The UCBs are diverse in terms of their size and operations. Given this heterogeneity, a differentiated regulatory regime is followed by RBI and thus, the UCBs are categorised under two Tiers (Tier I and II). Tier II UCBs have a larger depositor base and a wider geographical presence compared to the Tier I UCBs. Tier I UCBs is defined as (i) Banks with deposits below `100 crore operating in a single district, (ii) Banks with deposits below ` 100 crore operating in more than one district provided the branches are in contiguous districts and deposits and advances of branches in one district along with constitute at least 95 per cent of the total deposits and advances respectively of the bank and (iii) Banks with deposits below  ` 100 crore, whose branches were originally in a single district but subsequently became multi-district due to reorganisation of the district. All other UCBs are categorised as Tier-II UCBs. This categorisation is based on their branch network, area of operation and the level of deposits. The Banking Regulation Act, 1949, instructs the submission of periodical returns by UCBs to the Reserve Bank of India.

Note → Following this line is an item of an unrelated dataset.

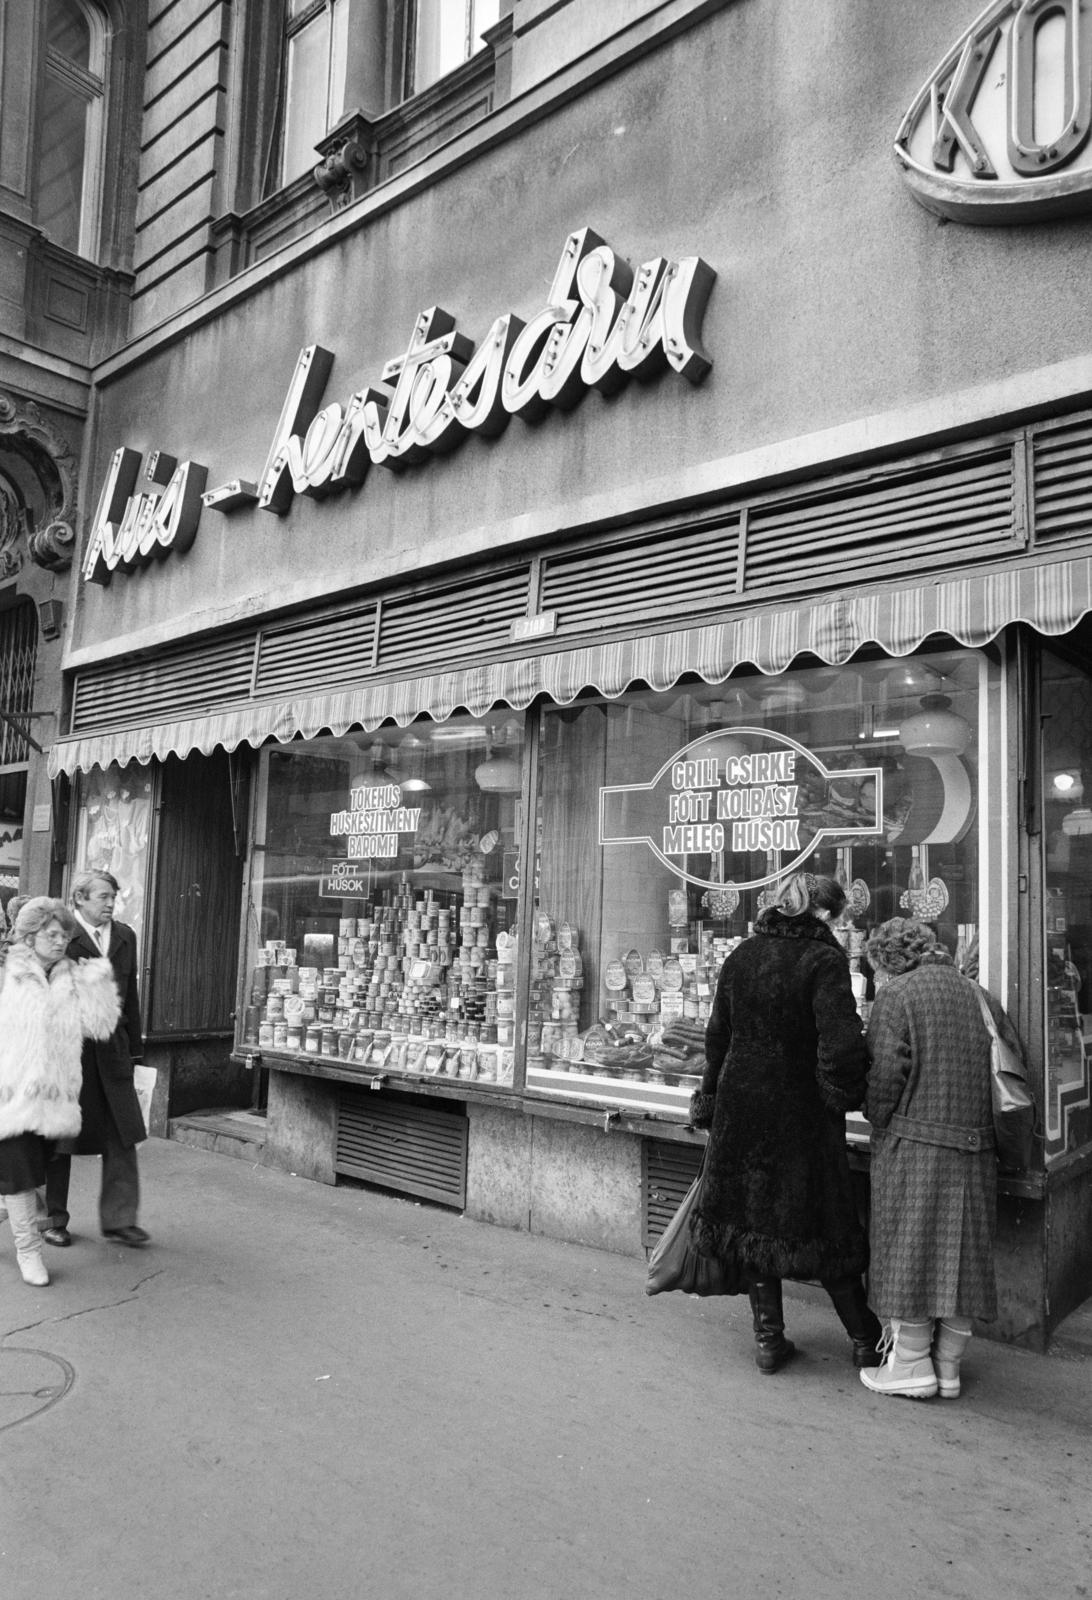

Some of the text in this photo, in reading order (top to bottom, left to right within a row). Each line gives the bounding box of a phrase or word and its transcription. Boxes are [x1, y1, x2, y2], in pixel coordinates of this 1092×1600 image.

Regulation and Supervision of UCBs by the RBI

The RBI, as the central bank, is known for its prudent regulation and supervision of financial institutions including commercial banks, NBFCs, UCBs etc. In the case of UCBs, the central bank regulates and supervises them to ensure that the institutions are financially fit to deliver their functions. Regulatory norms related to UCBs are there regarding licensing, maintenance of CRR, SLR, CRAR, Minimum net owned fund requirements etc. Following are the main regulatory measures for UCBs:

  • Licensing of New Primary (Urban) Cooperative Banks: For starting the banking business, a primary (urban) cooperative bank, as in the case of a commercial bank, is required to obtain a licence from the RBI as per the BR Act.
  • Licensing of Existing Primary (Urban) Co-operative Banks: A primary credit society which would like to become a primary (urban) cooperative bank (by fulfilling the share capital and reserve norms) should avail a license from the RBI.
  • Branch Licensing: Primary (urban) cooperative banks are required to obtain permission from the RBI for opening branches.
  • Statutory Provisions: Some of the statutory provisions under the BR Act is also applicable for UCBs, and they will be monitored on the basis of these provisions:

(a) Minimum Share Capital: Minimum paid-up capital of Rs 1 lakh.

(b) Maintenance of CRR and SLR: The UCBs have to keep the SLR as per the RBI requirements.

Previously, the RBI adopted differential SLR norm in accordance with the asset size of UCBs. Several prudential norms were applied on UCBs since March 1993. These prudential norms include:

  • Applying capital adequacy standards,
  • Prescribing an asset-liability management framework,
  • Enhancing the proportion of holding of Government and other approved securities for the purpose of SLR stipulation,
  • Restriction on bank finance against the security of corporate shares and debentures, and
  • Limiting the exposure to capital market investment.

Regulatory trends for UCBs in recent years are in accordance with the challenges they are facing. Earlier, in the context of the big challenges for UCBs, the RBI appointed High-Power Committee (Chairman: K. Madhava Rao, 1999) to review the performance of UCBs. As a follow-up, the RBI introduced further measures to strengthen the UCBs.

Failures of cooperative banks like the Madhavapura Mercantile Cooperative Bank brought stringent regulatory control over the cooperative banking system. Recently, the failure of Punjab and Maharashtra Cooperative Bank compelled RBI to tighten regulations along with government efforts to give more powers to the RBI by amending the Banking Regulation Act in September 2020.